‘Buddy Project’ continues to grow, promote mental health awareness | The Triangle

‘Buddy Project’ continues to grow, promote mental health awareness

Gabby Frost, a Drexel University music industry major, has been building her non-profit organization, the Buddy Project, to promote mental health awareness and prevent suicide.

“Mental health is an important issue today. The rate for suicide has increased, and college and high school have become tougher and tougher, especially with things such as standardized testing, pressures of getting into college, and being on your own for the first time,” Frost said.

The Buddy Project aims to help those struggling with mental health issues by pairing people with “buddies,” with whom they can talk online.

Frost came up with the idea when she was using social media to find people with similar interests. After making many online friends throughout the world, she realized that people suffering from mental illness deserve the same opportunities. Since then, she has built the Buddy Project from the ground up. Instead of paying for advertisements, the Buddy Project grew through word of mouth and social media posts made by Frost herself.

The Buddy Project has continued to grow for the past five years. To date, it has paired over 219,000 people; it has recently become a 501(c)(3) and raised $40,000 for mental health facilities in the United States. However, Frost is also proud of the less tangible impacts that the Buddy Project has had. Many buddies have made life-long online friends, forging lasting relationships and in some cases, even meeting in person.

Frost is currently working on developing an app for Android and iPhone to bring The Buddy Project to mobile devices. She is also hoping to increase the scale of the project by raising funds through efforts such as a benefit concert, utilizing her skills as a music industry major. Finally, she wants to expand the Campus Rep Program to bring the Buddy Project to more middle school, high school and college campuses, and the Ambassador program, which encourages influencers of any type to raise awareness about mental health.

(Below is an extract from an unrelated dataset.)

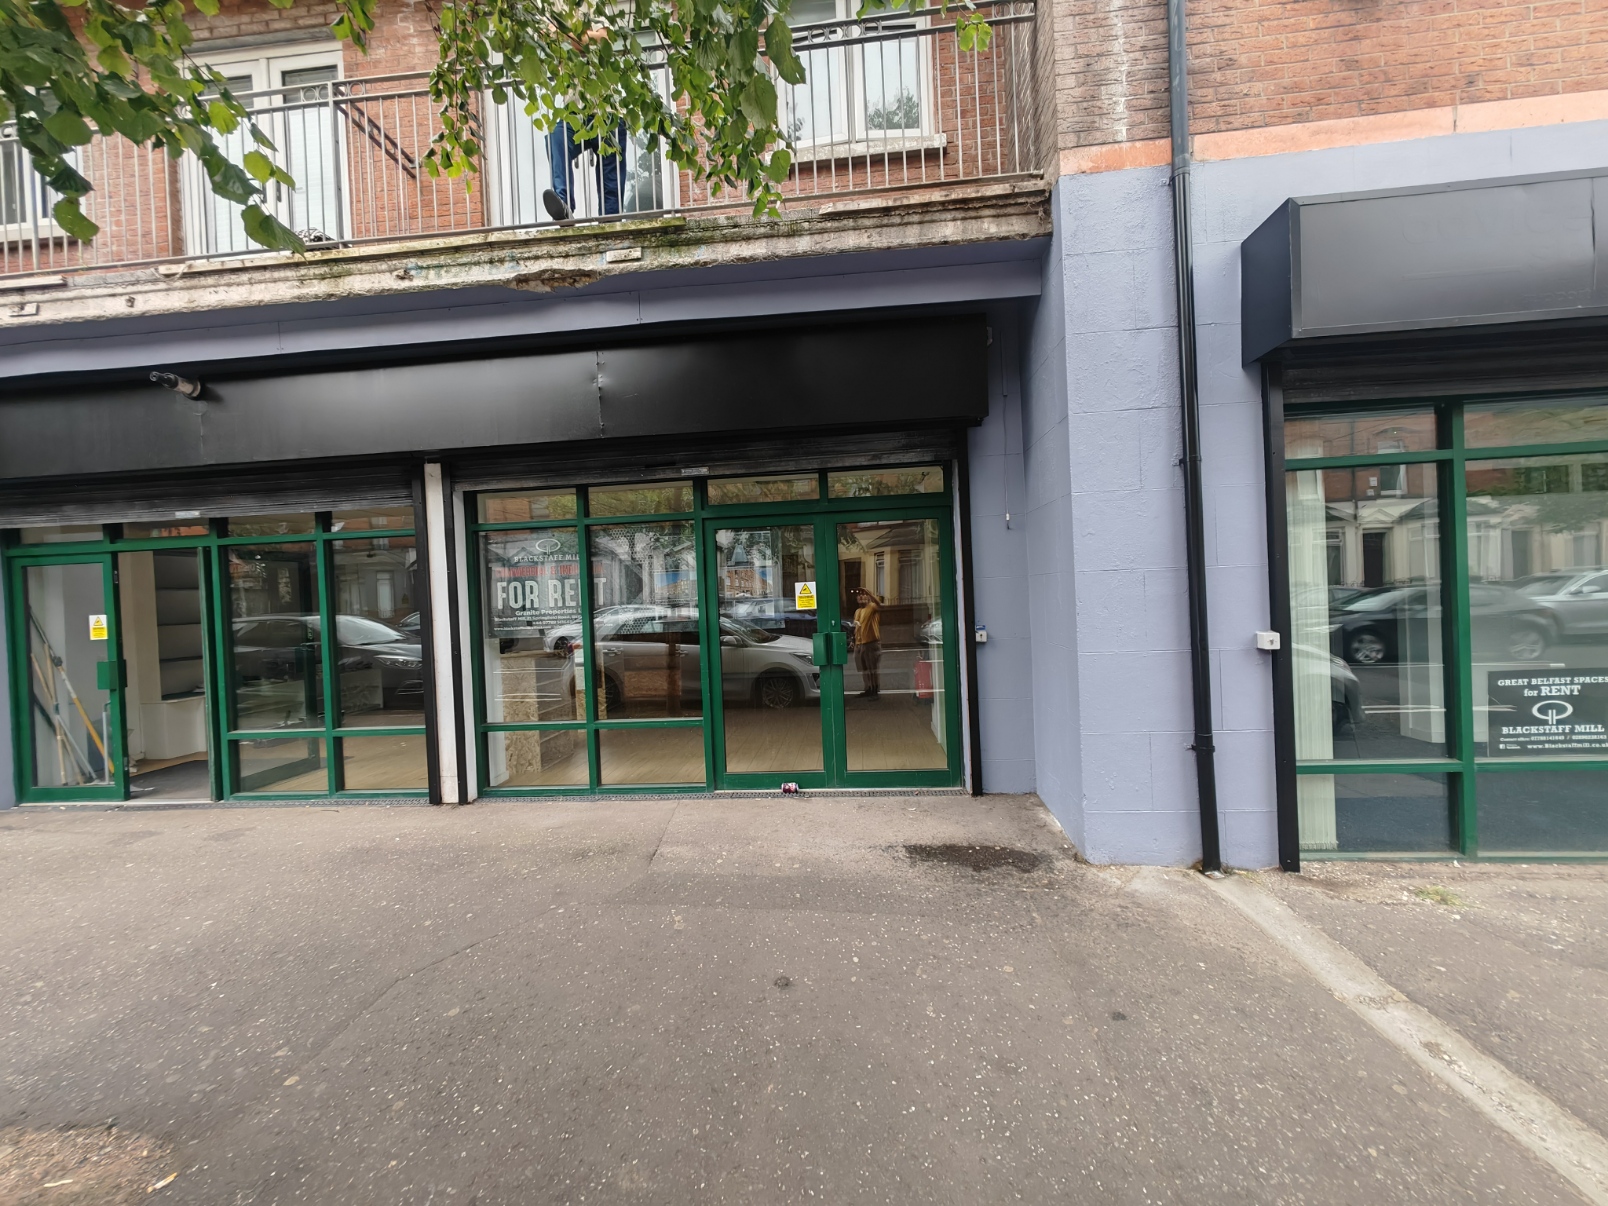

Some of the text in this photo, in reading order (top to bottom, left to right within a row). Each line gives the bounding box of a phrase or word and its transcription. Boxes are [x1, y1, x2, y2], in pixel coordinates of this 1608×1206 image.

[497, 578, 607, 609] FOR RET
[1498, 676, 1608, 686] GREAT BELFAST SPACES
[1524, 685, 1581, 697] for RENT
[1502, 724, 1605, 735] BLACKSTAFF MILL

For students that are dealing with mental health issues, Frost recommends several things to deal with the pressures and stresses of college.

“Make sure you don’t prioritize your grades or schoolwork over yourself. You should surround yourself with people that will push you to put your mental health first. Finally, reach out, even if it’s tough to do. It’s good for yourself to get the help that you need to cope with your mental health,” Frost said.

Drexel has a free counseling center for students, and according to Frost, it is a great resource for those struggling with mental health. However, Frost wants these services to be promoted more frequently. She wants to make sure that all students know that it exists and that it is a free resource available to them.

Frost also has recommendations for helping others who may be struggling with mental health issues.

“Be willing to listen to people. Listening is so important, some people don’t even need to hear feedback, they just want to let out whatever they are going through and what they’re feeling. Also make sure that your friends do small self-care things, like eating, showering and brushing their teeth. Accomplishing those small things can help people find the strength to do more challenging things for those struggling with mental health issues,” she said.